At the line containing "this 1619×1080 image.", begin an exact copy, and continue through the last line of the entries below. Leave out any pictures.

Phrase grounding data:
::::
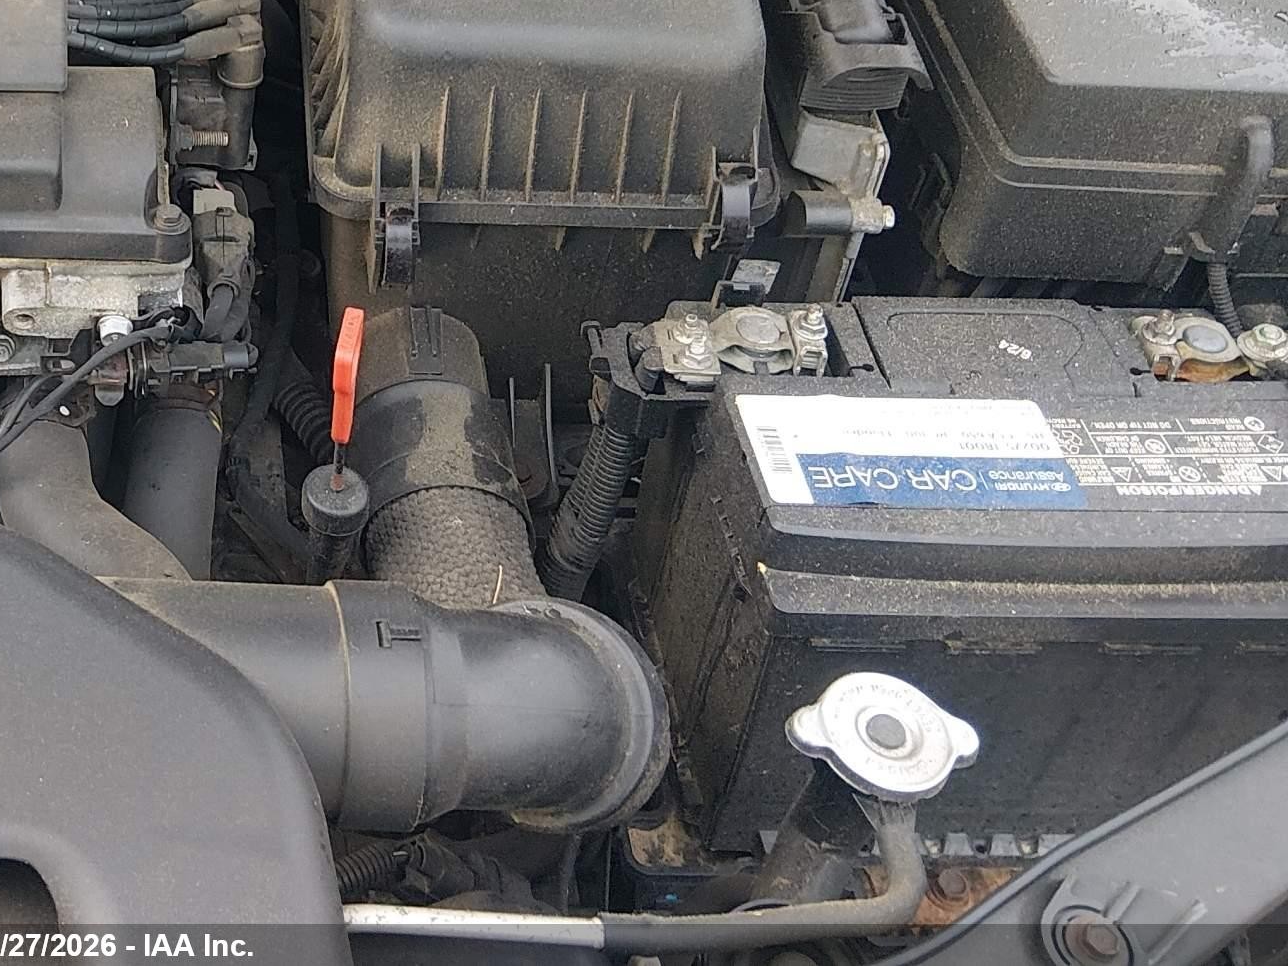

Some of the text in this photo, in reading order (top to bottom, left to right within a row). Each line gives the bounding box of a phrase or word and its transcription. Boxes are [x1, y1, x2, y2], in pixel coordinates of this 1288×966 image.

[807, 465, 977, 490] CAR CARE
[988, 470, 1064, 482] Assurance
[1115, 485, 1251, 496] DANGER/POISON
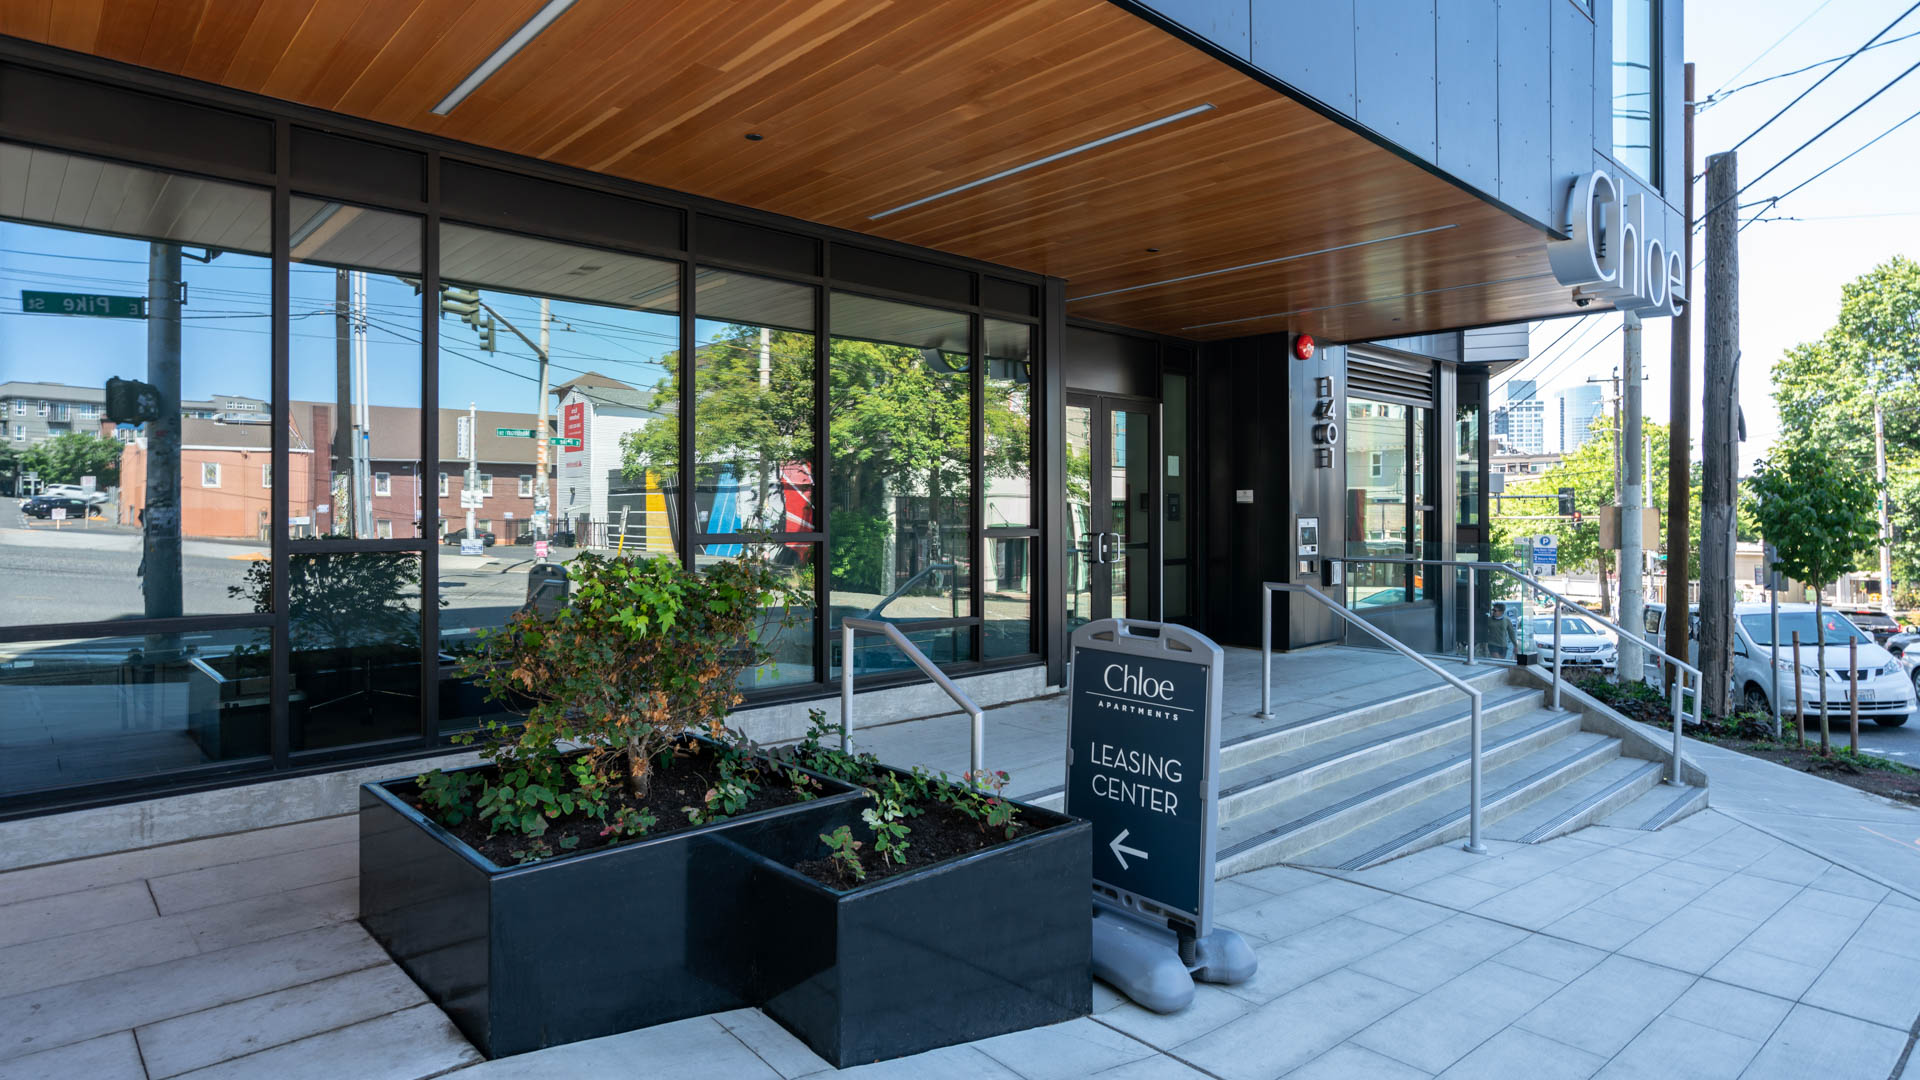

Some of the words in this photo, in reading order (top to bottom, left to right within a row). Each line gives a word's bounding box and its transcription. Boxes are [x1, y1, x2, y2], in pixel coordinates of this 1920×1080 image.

[1583, 169, 1683, 317] Chloe
[1103, 663, 1175, 701] Chloe
[1098, 700, 1179, 721] APARTMENTS
[1091, 741, 1183, 783] LEASING
[1092, 774, 1178, 816] CENTER
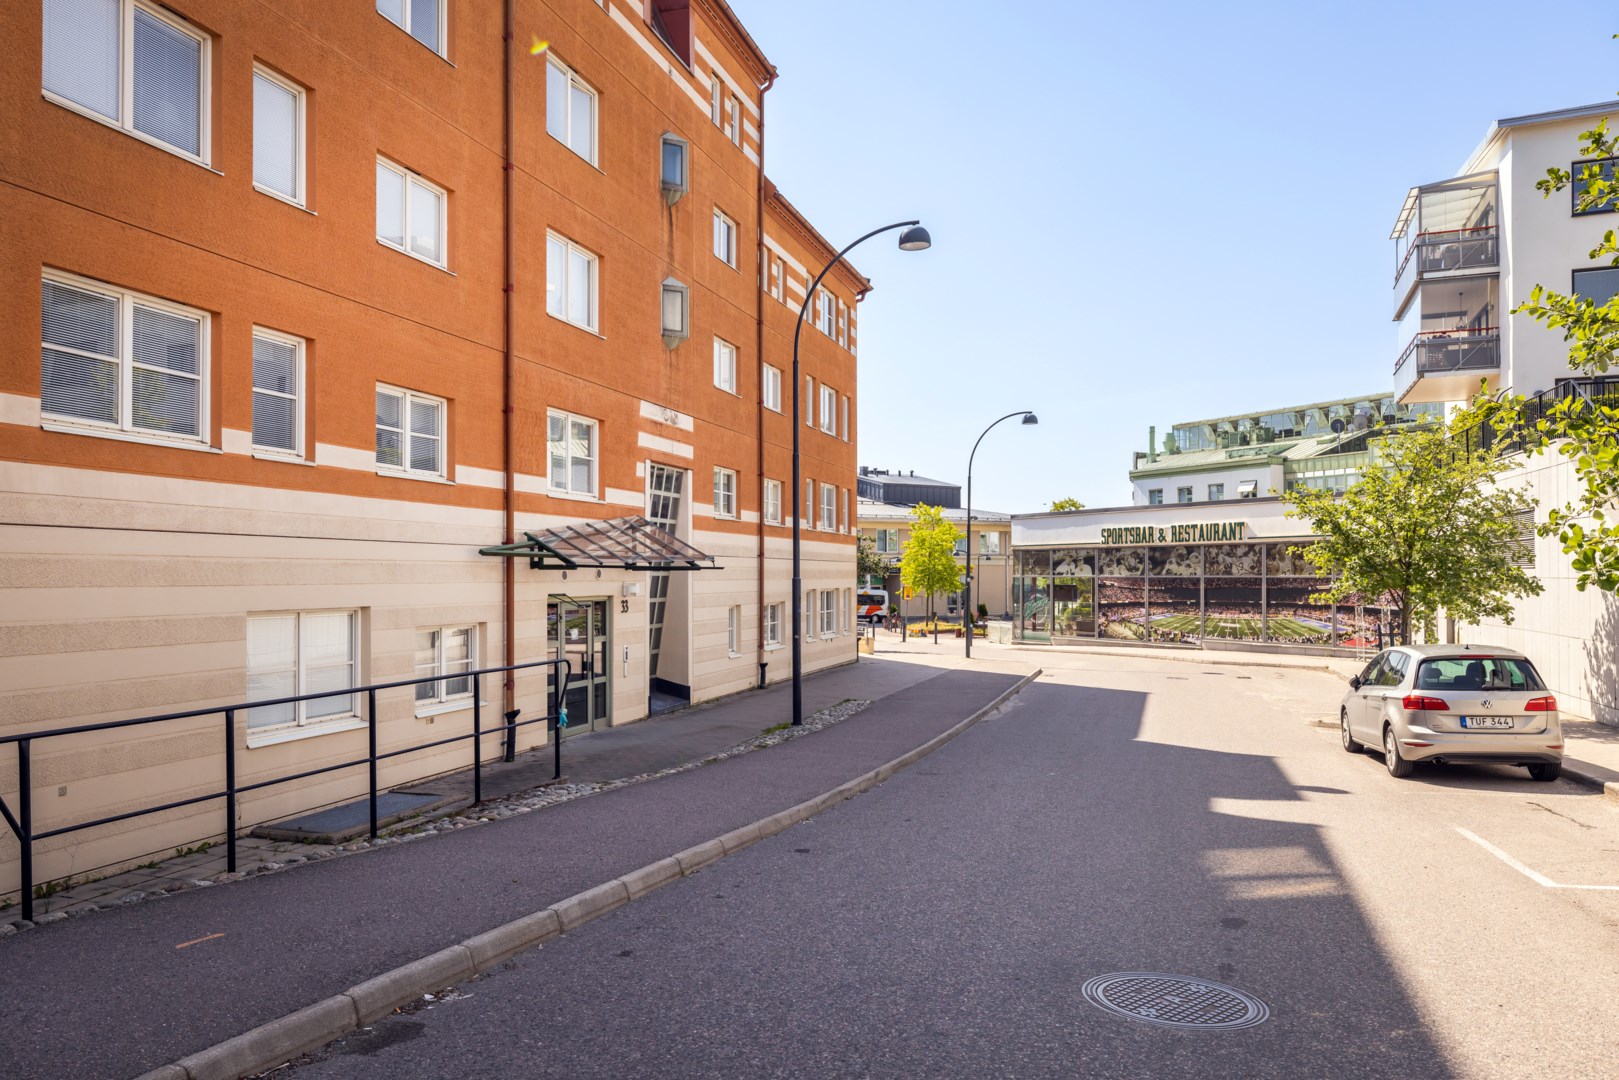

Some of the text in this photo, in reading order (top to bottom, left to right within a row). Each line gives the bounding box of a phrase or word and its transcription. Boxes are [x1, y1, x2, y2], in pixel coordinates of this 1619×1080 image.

[1101, 521, 1245, 545] SPORTSBAR & RESTAURANT
[621, 599, 629, 613] 33
[1469, 717, 1509, 726] TUF 344
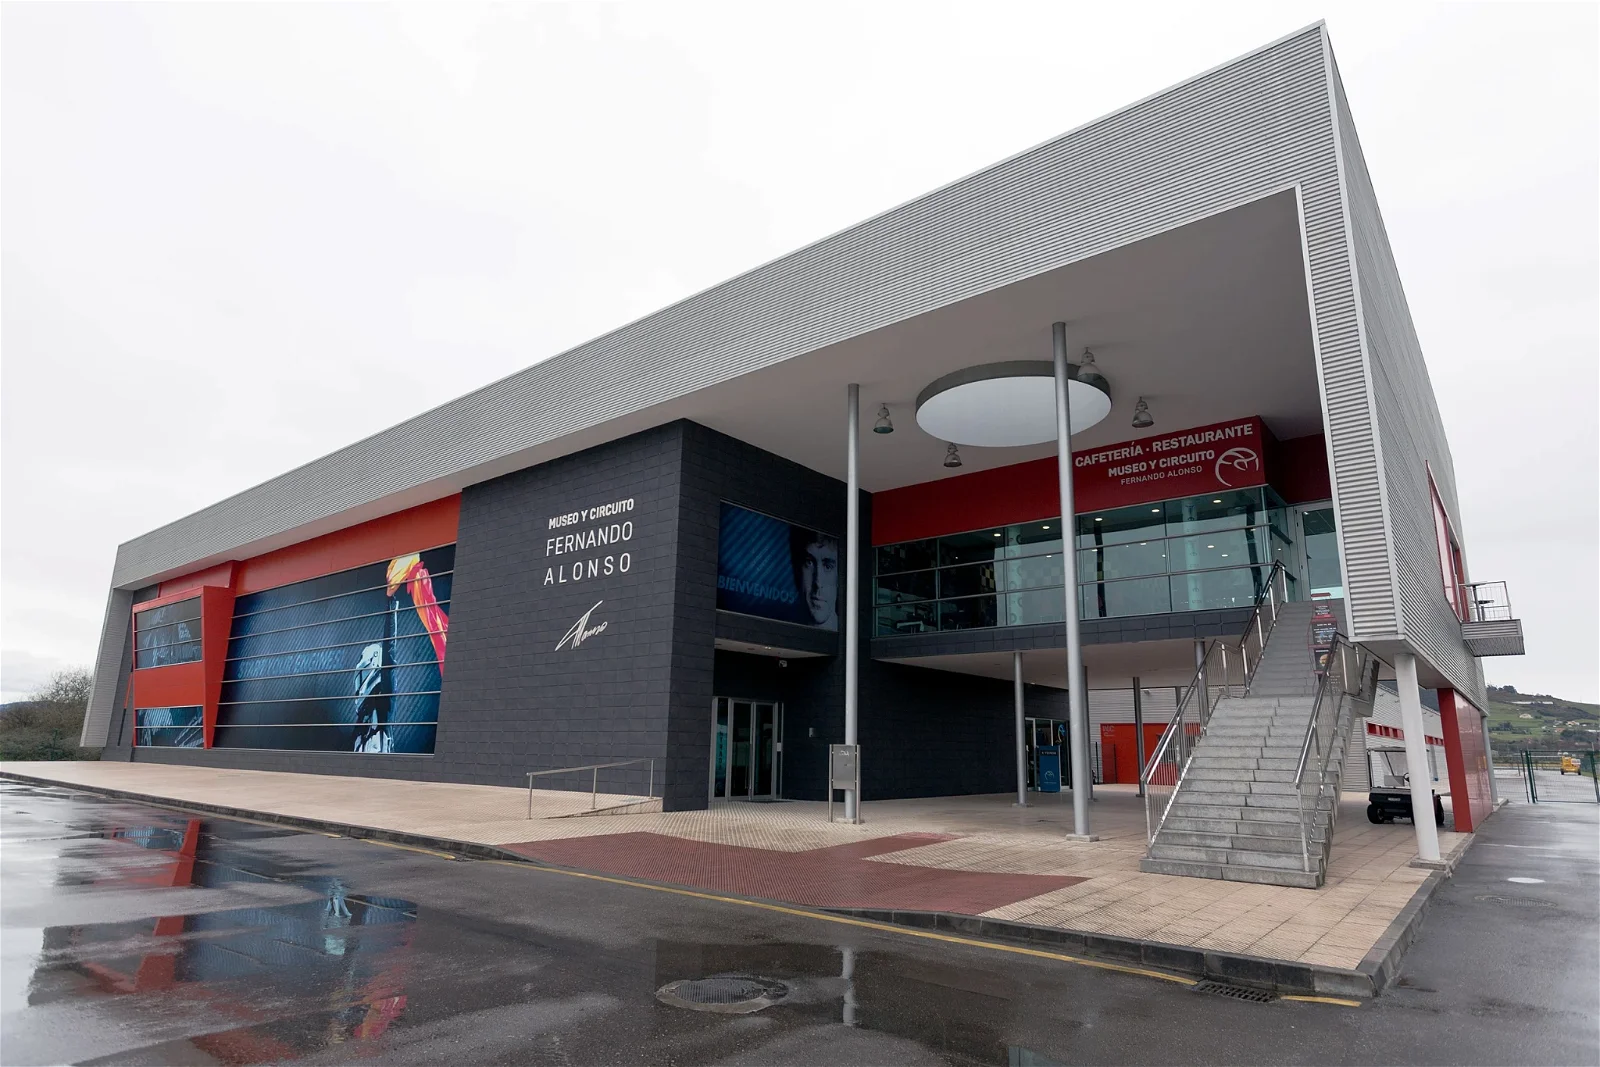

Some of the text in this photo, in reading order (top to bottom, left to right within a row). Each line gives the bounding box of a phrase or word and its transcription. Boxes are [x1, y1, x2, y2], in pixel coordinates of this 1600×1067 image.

[1075, 424, 1253, 467] CAFETERÍA RESTAURANTE
[1109, 450, 1215, 477] MUSEO Y CIRCUITO
[1120, 465, 1203, 485] FERNANDO ALONSO
[548, 498, 634, 530] MUSEO Y CIRCUITO
[546, 521, 633, 556] FERNANDO
[543, 552, 631, 586] ALONSO
[718, 575, 795, 604] BIENVENIDOS
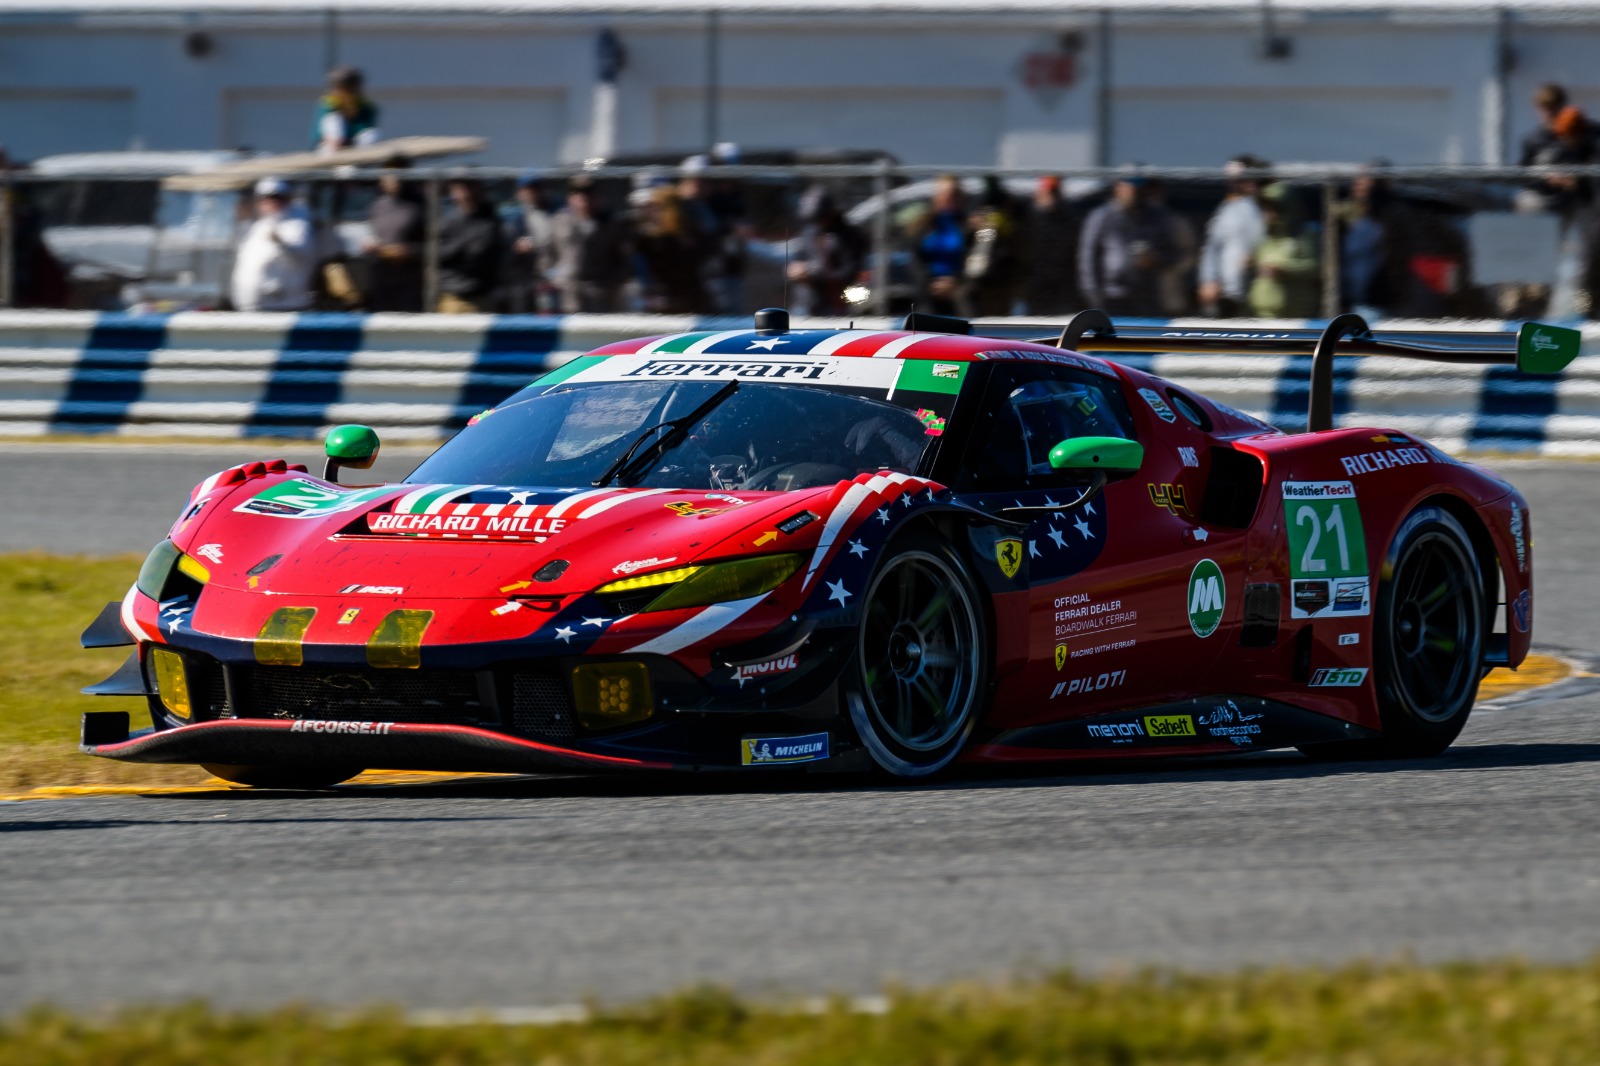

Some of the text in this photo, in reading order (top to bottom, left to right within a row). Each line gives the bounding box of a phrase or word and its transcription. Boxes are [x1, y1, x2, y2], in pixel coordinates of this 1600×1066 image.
::::
Task response >>
Some of the text in this photo, in reading order (top to bottom, left to right within a row). Each line gives the bounding box of a phrase or word and its transcription. Boxes are [x1, y1, x2, y2], in pixel coordinates of this 1619×1080 image.

[1101, 521, 1245, 545] SPORTSBAR & RESTAURANT
[621, 599, 629, 613] 33
[1469, 717, 1509, 726] TUF 344

Some of the text in this photo, in reading order (top to bottom, left to right within a row). Each line gives the bounding box of a phrase or word and its transcription. Boxes are [x1, y1, x2, y2], in pixel coordinates of this 1600×1067 image.

[1075, 424, 1253, 467] CAFETERÍA RESTAURANTE
[1109, 450, 1215, 477] MUSEO Y CIRCUITO
[1120, 465, 1203, 485] FERNANDO ALONSO
[548, 498, 634, 530] MUSEO Y CIRCUITO
[546, 521, 633, 556] FERNANDO
[543, 552, 631, 586] ALONSO
[718, 575, 795, 604] BIENVENIDOS

Some of the text in this photo, in reading order (top to bottom, left to right within a row). Each line gives the bounding box of a phrase or word and its transcription. Boxes are [x1, y1, x2, y2], in pixel coordinates of this 1600×1066 image.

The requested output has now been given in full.